Creative 101: How Many Side Hustles Do I Need Until I Make it My Main Hustle
by Elena Chen
Everyone seems to have a side gig nowadays. They sell skateboards in their free time, play hockey semi-professionally, or run a “small” Etsy shop that brings in thousands of dollars every month. Some people rent out their apartment, their car, or their jewelry. But a side hustle doesn’t exist without first a main hustle. And just like the main chick, nobody seems as interested in what you actually do for a living when your “under wraps” side hustle comes to light. What about those of us who don’t actually do any one particular thing for a living? Those of us who run on side hustles?
In the era of the Self with a capital “S”, the contemporary consciousness has become increasingly accepting of prioritizing the self and actualizing the desires of the self as a way of life. We speak nonchalantly of leaving a job, partner, country or language in the name of self-actualization. Self-actualization can come as: “This isn’t the job for me”, or “I just don’t think we are compatible”, or “I want to be in a place where I feel I belong”. I see myself embracing this paradigm of self-actualization and I have indeed benefited greatly from its widespread acceptance.
My search for self expression and for self-actualization has led me to live and work in some of the most interesting fields in the most metropolitan countries in the world. I have always believed in expressing myself and in pursuing my “dreams”. The only thing I didn’t anticipate amidst all my enthusiasm for self-actualization is the confusion I would experience from being so free to be myself. I wanted to do it all. I wanted to be a carpenter and an anthropologist and a nurse. Recently, I found myself wanting to be a teacher, an artist and a cook. If my aim in life has been to do what feels right to me, then it has always been to do it all, as much as possible, ASAP.
I would fall into bouts of burnout from trying to do it all, cut down, and the process would start all over again. Hence, I started to do things on the side as a way to placate this fervent desire to do so much and to support myself as I attempt to maneuver myself around the narrative of self-actualization that has been both a blessing and a curse.
In 2020, when COVID was still ablaze, I began part-time working at a restaurant. In my spare time, I would comb through my local thrift store and post items I found interesting to try and sell online (fashion, as another medium of self-expression, has been a long time staple in my toolkit of self-actualization). Later, I picked up crocheting and started to curate my brand on Instagram. I loved commerce and never thought to do it as a career but here was my unique opportunity to dabble in it alongside my thrifting reselling business.
Within the first year of starting my crochet brand, I had picked up some traction and sold some custom pieces and pre-made items. It’s a thrill to see something I handmade stitch by stitch appreciated by someone who loved it enough to exchange something they valued for it. I started a Youtube channel and used my video editing skills from another job to see what I could do. On Youtube I focused mostly on fashion content and posted shorts as well as long-form content. I continue to write here on DNAMAG. I am also studying French for an upcoming move. Sometimes I’m baffled at how I came to this place in life. I think my mishmash of activities, the patchwork of my side hustles, have become my life. Whilst on paper it may sound like something to be envious of, it also comes with mounds of uncertainty and instability. I am intermittently but consistently met with a voice that second guesses this way of living. “I should settle down”, “I need to grow up”, and “How much longer can I do this for” encircle me.
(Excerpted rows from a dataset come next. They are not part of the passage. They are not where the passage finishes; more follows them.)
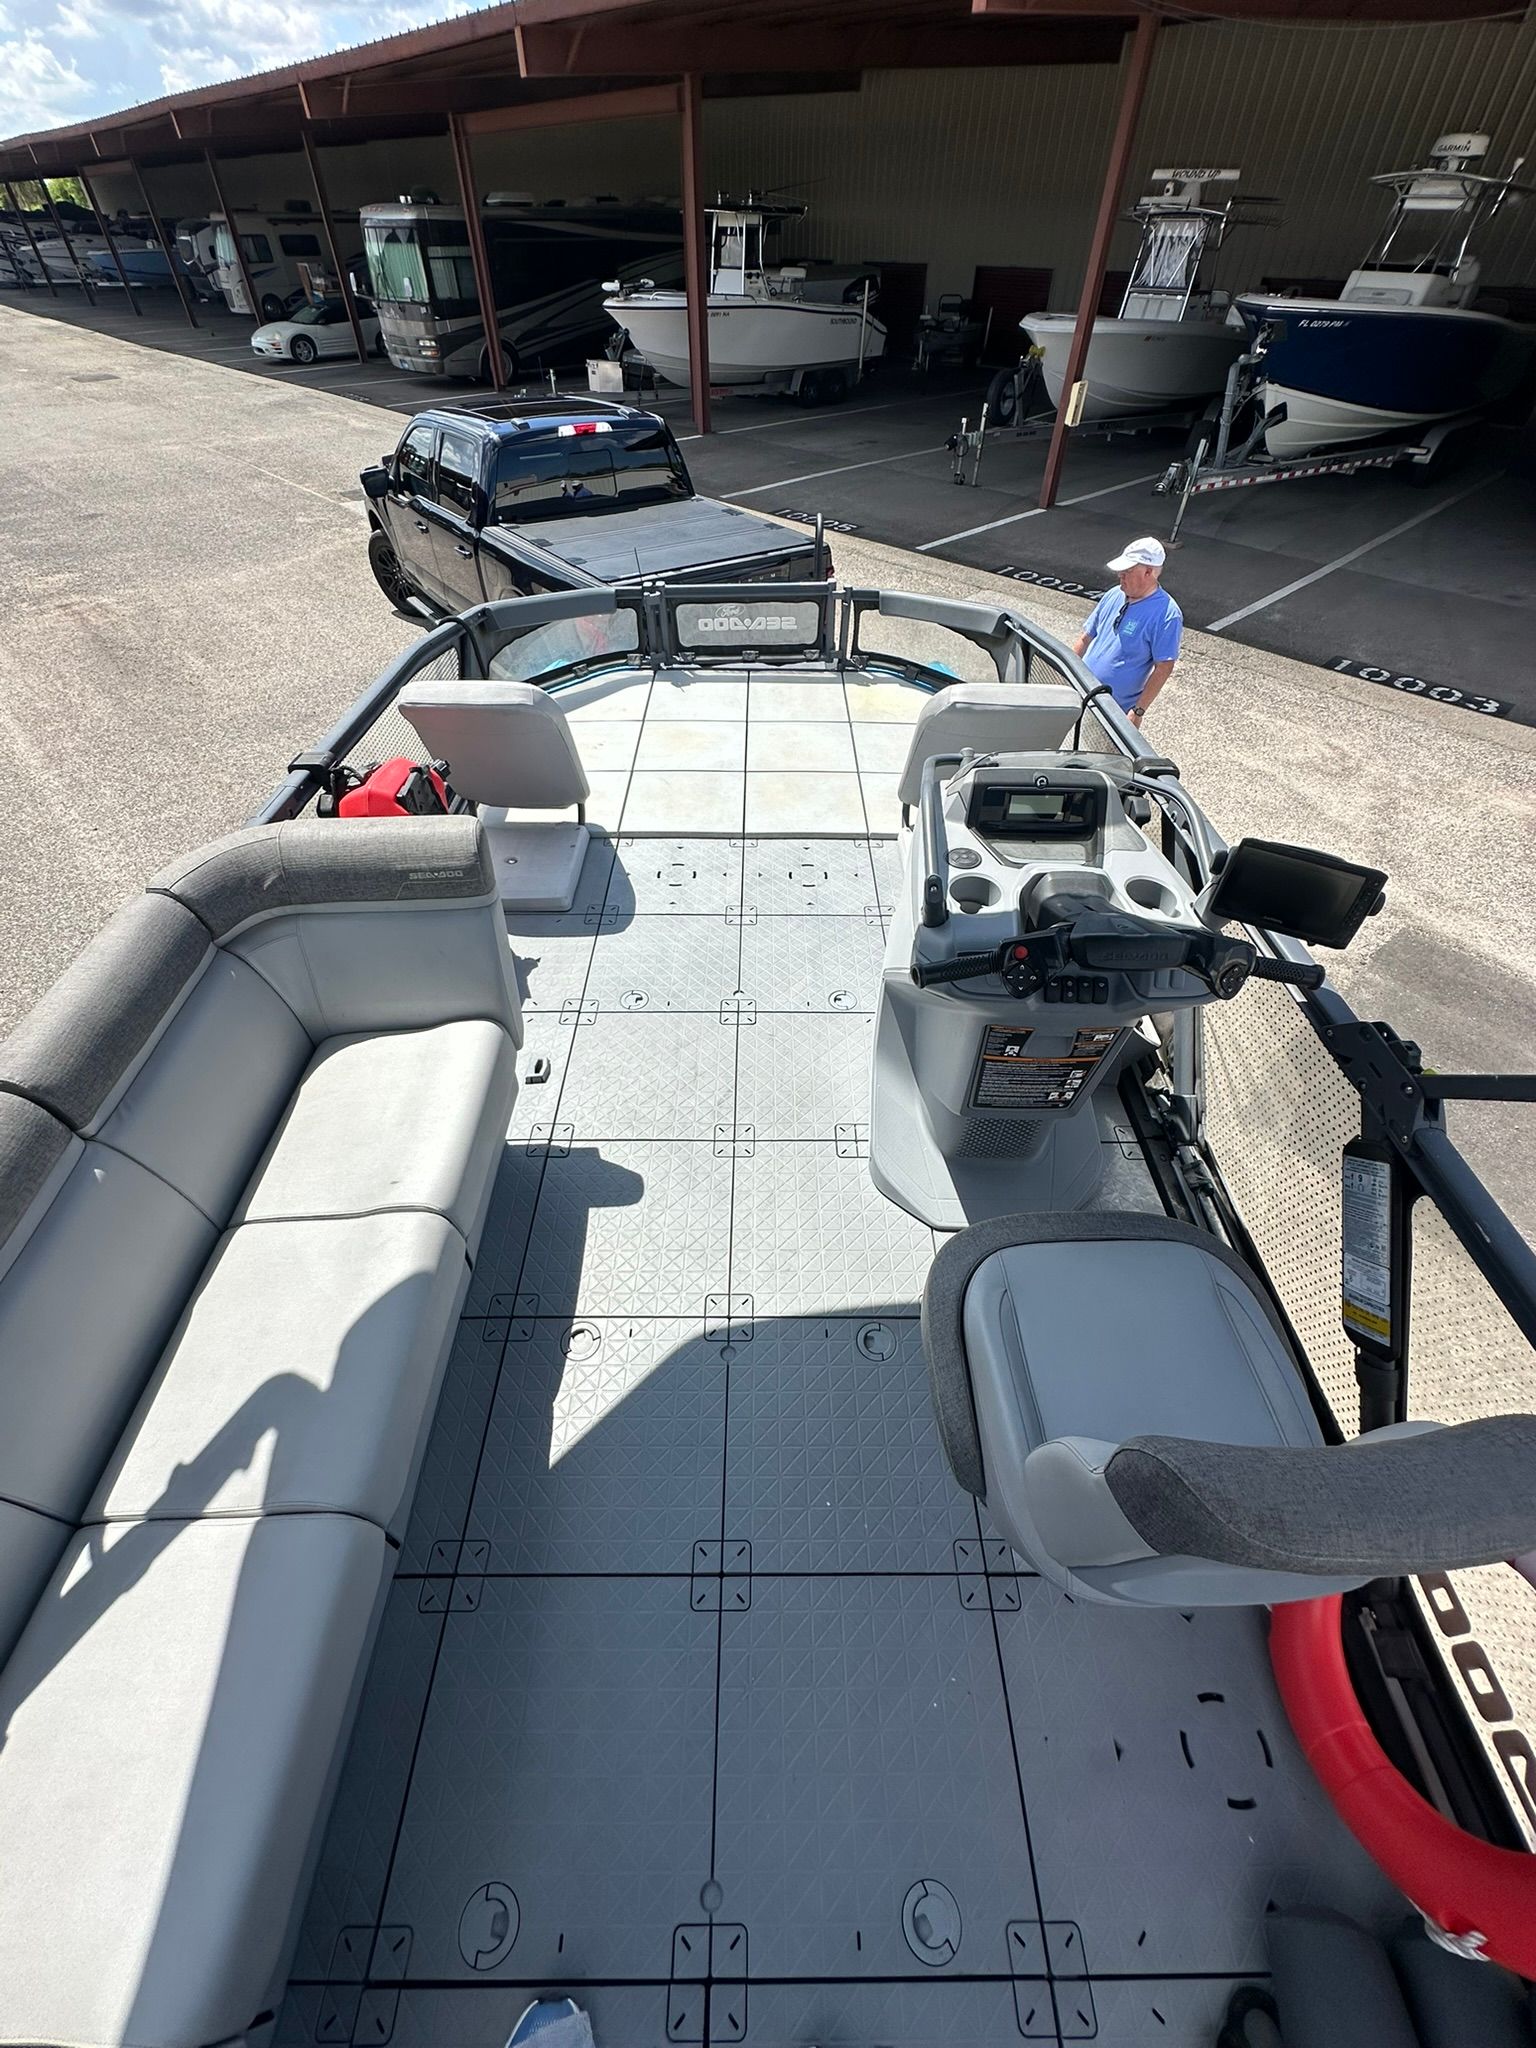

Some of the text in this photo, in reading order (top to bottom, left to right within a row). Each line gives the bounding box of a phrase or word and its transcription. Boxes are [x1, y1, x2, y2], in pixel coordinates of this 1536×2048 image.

[1437, 143, 1471, 152] GARMIN
[1207, 169, 1221, 179] UP
[1298, 319, 1310, 328] FL
[719, 605, 742, 618] Ford
[1334, 659, 1500, 713] 10003
Yesterday, on my way to a coffee shop downtown, I started engaging in some small talk with my uber driver who had just let me into a very sleek Tesla Model X. He divulged that he was running an AirBnB and drove Uber after work for the Transpac which is a biennial yacht race from San Pedro to Hawaii. In preparation for this race, he would need about $100k. Money for the crew, money for the sails, money to enter the race and money for another crew to bring the boat back to California. Here was a man who ran side hustles for his passion. I think of myself as side hustling with my passions. And then there are those of us who have just found what works for them and don’t have any side hustles. As I’ve gotten older the desire for anchorage has also grown stronger. I don’t know how much longer I would want a multi-hyphenate life. I also find it so hopeful to know people who have never retired from that life.
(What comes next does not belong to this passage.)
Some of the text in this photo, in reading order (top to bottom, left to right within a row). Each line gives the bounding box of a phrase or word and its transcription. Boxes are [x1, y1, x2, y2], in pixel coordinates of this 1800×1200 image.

Beside work, we have been juggling multiple identities long before the concept of side hustling came to be. Someone can be at once a child and a friend. At work and at home. This multitudinous form is enriching. We code-switch and translate when we face others but also when we’re completely alone. If my patchwork professional life is an indication of anything, I hope it’s that we should all just give it a go. If there’s something you want to do, try it. If you want to make something out of it, try it. If you want to be ten things at once, it’s possible. Try, with whatever means you have, to express yourself whichever way you know how. Gently, without haste, you grow roots that run in many circles, and the dichotomous categorization of “main” vs. “side” won’t seem as important anymore. It might be financially rewarding or it might bring you into a community you didn’t know you wanted to be a part of. It might do both. What it will definitely do is that it will open up your world and you will have more that matters to you.